SCIENTIFIC ARTICLES
Abstract
Diabetic nephropathy, hypertension, and glomerulonephritis are the most common causes of chronic kidney diseases (CKD). Since CKD of various origins may not become apparent until kidney function is significantly impaired, a differential diagnosis and an appropriate treatment are needed at the very early stages. Conventional biomarkers may not have sufficient separation capabilities, while a full-proteomic approach may be used for these purposes. In the current study, several machine learning algorithms were examined for the differential diagnosis of CKD of three origins.

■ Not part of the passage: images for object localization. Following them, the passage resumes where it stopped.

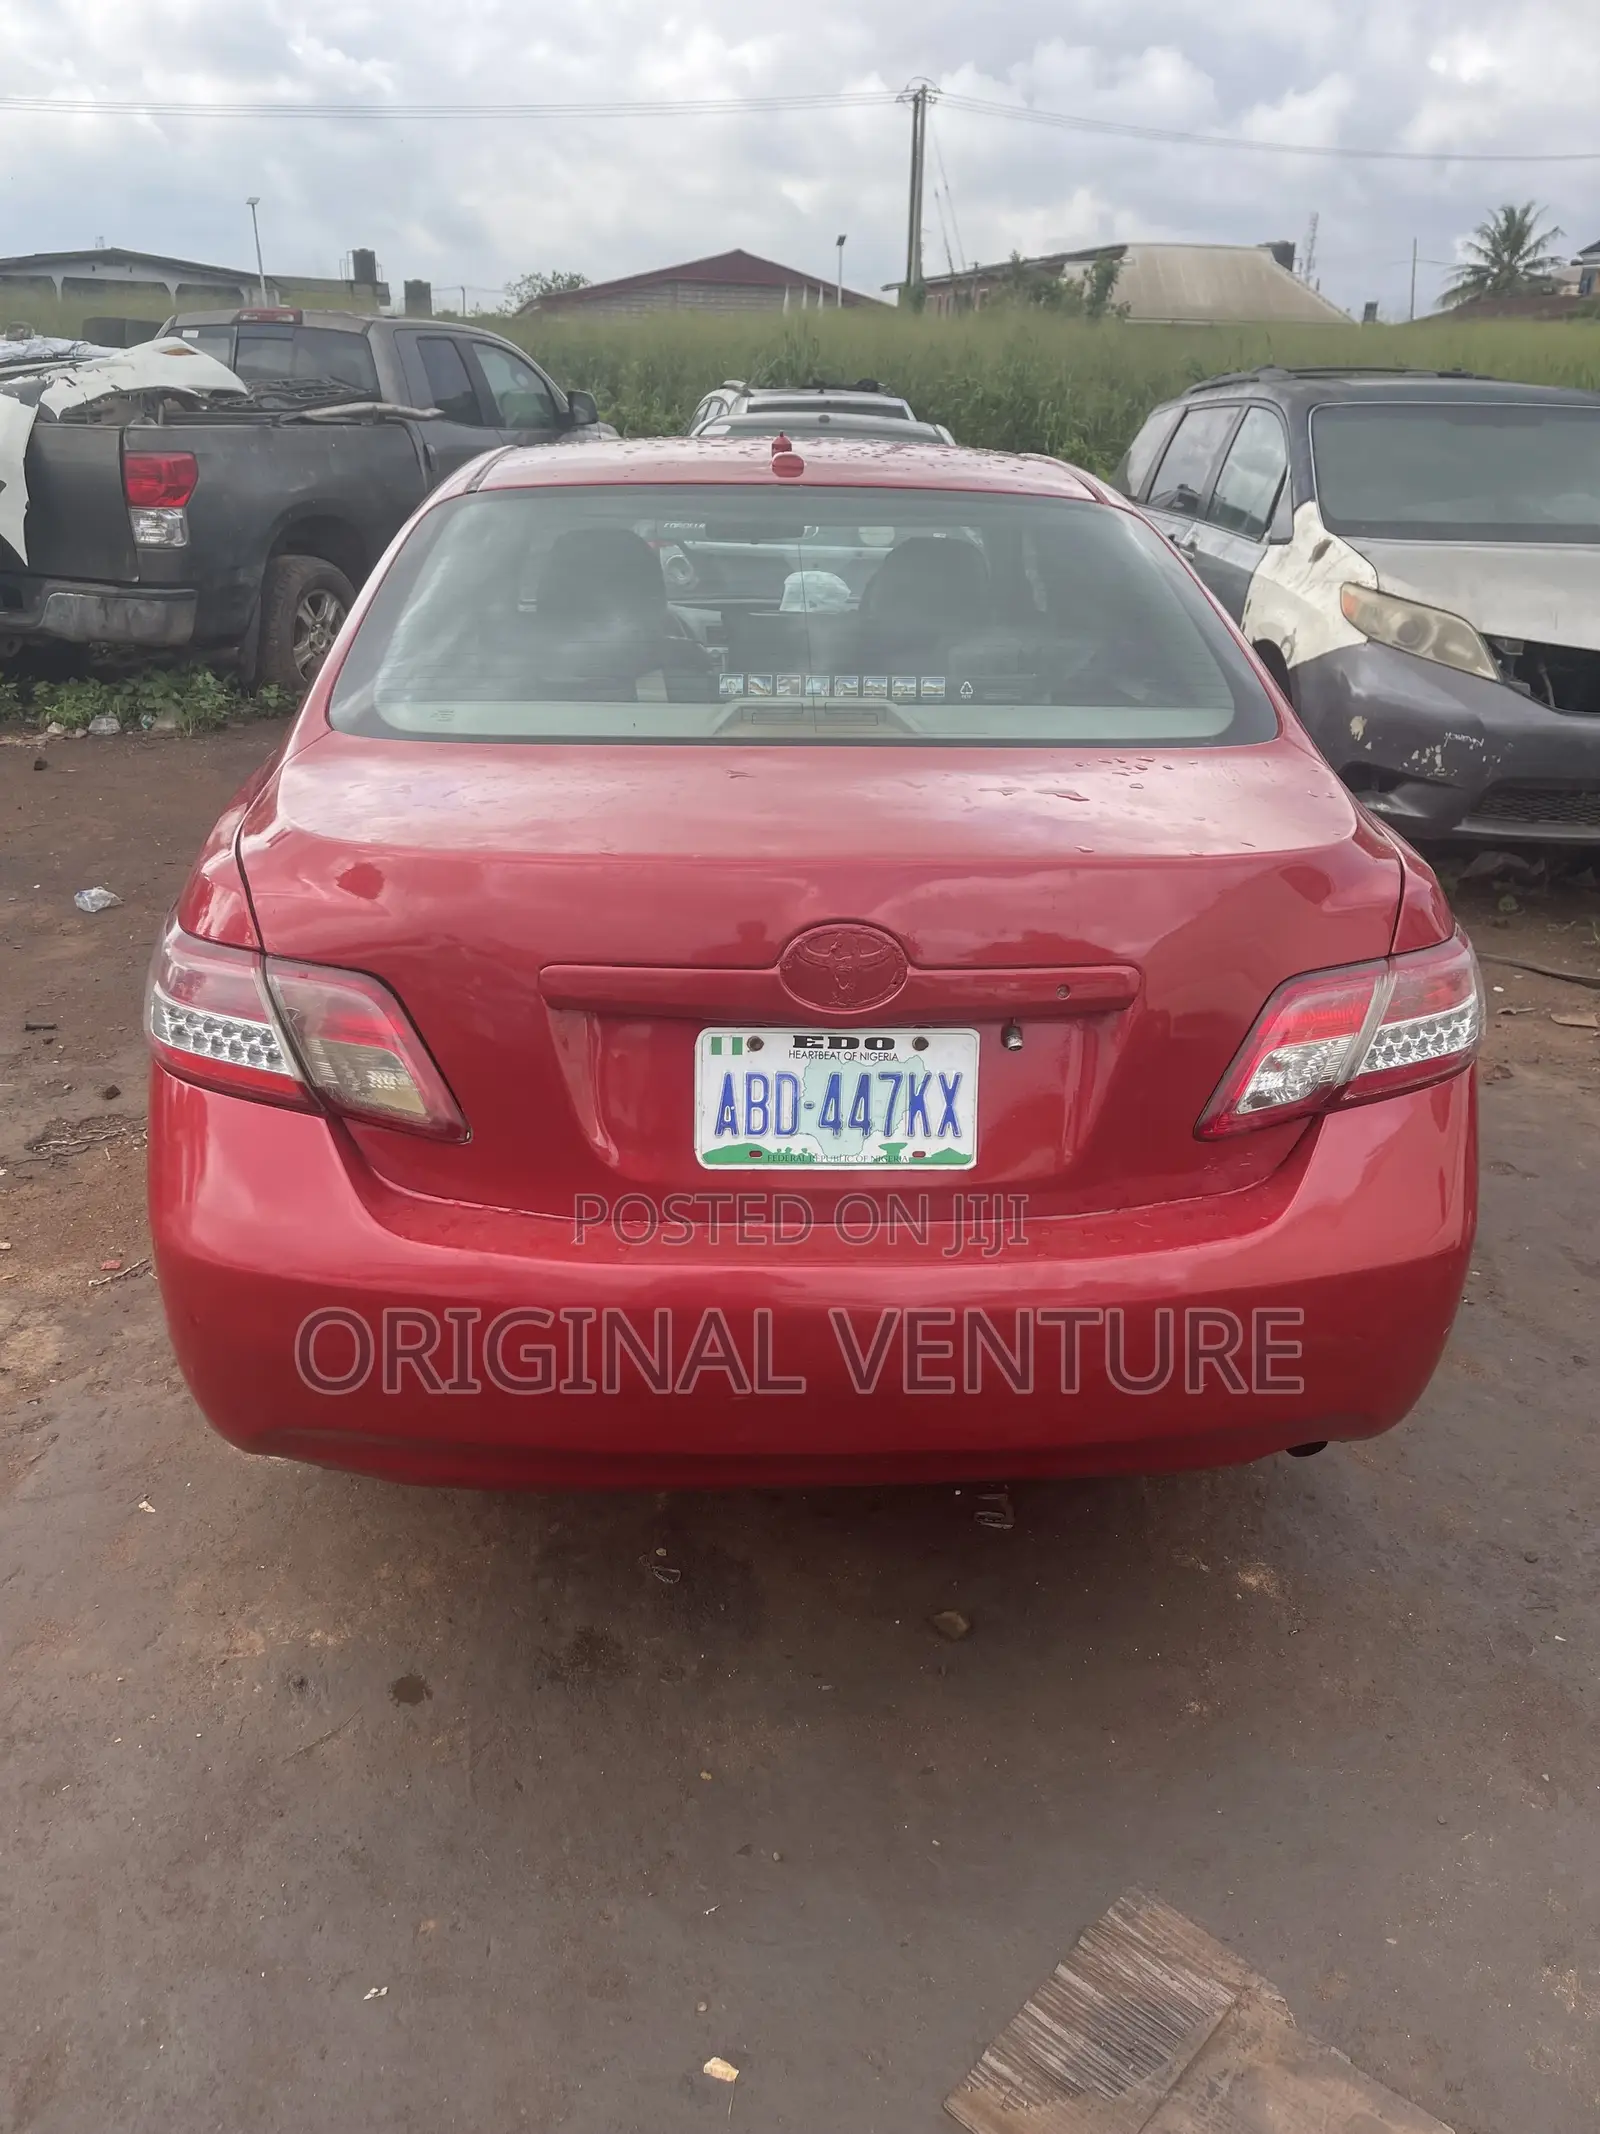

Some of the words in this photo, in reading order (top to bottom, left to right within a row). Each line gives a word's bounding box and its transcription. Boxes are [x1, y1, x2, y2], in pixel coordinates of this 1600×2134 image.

[793, 1035, 895, 1050] EDO
[788, 1050, 841, 1060] HEARTBEAT
[843, 1051, 858, 1061] OF
[859, 1052, 899, 1062] NIGERIA
[714, 1071, 962, 1137] ABD-447KX
[767, 1154, 807, 1163] FEDERAL

The tested dataset was based on whole proteomic data obtained after the mass spectrometric analysis of plasma and urine samples of 34 CKD patients and the use of label-free quantification approach. The k-nearest-neighbors algorithm showed the possibility of separation of a healthy group from renal patients in general by proteomics data of plasma with high confidence (97.8%). This algorithm has also be proven to be the best of the three tested for distinguishing the groups of patients with diabetic nephropathy and glomerulonephritis according to proteomics data of plasma (96.3% of correct decisions). The group of hypertensive nephropathy could not be reliably separated according to plasma data, whereas analysis of entire proteomics data of urine did not allow differentiating the three diseases.
Nevertheless, the group of hypertensive nephropathy was reliably separated from all other renal patients using the k-nearest-neighbors classifier “one against all” with 100% of accuracy by urine proteome data.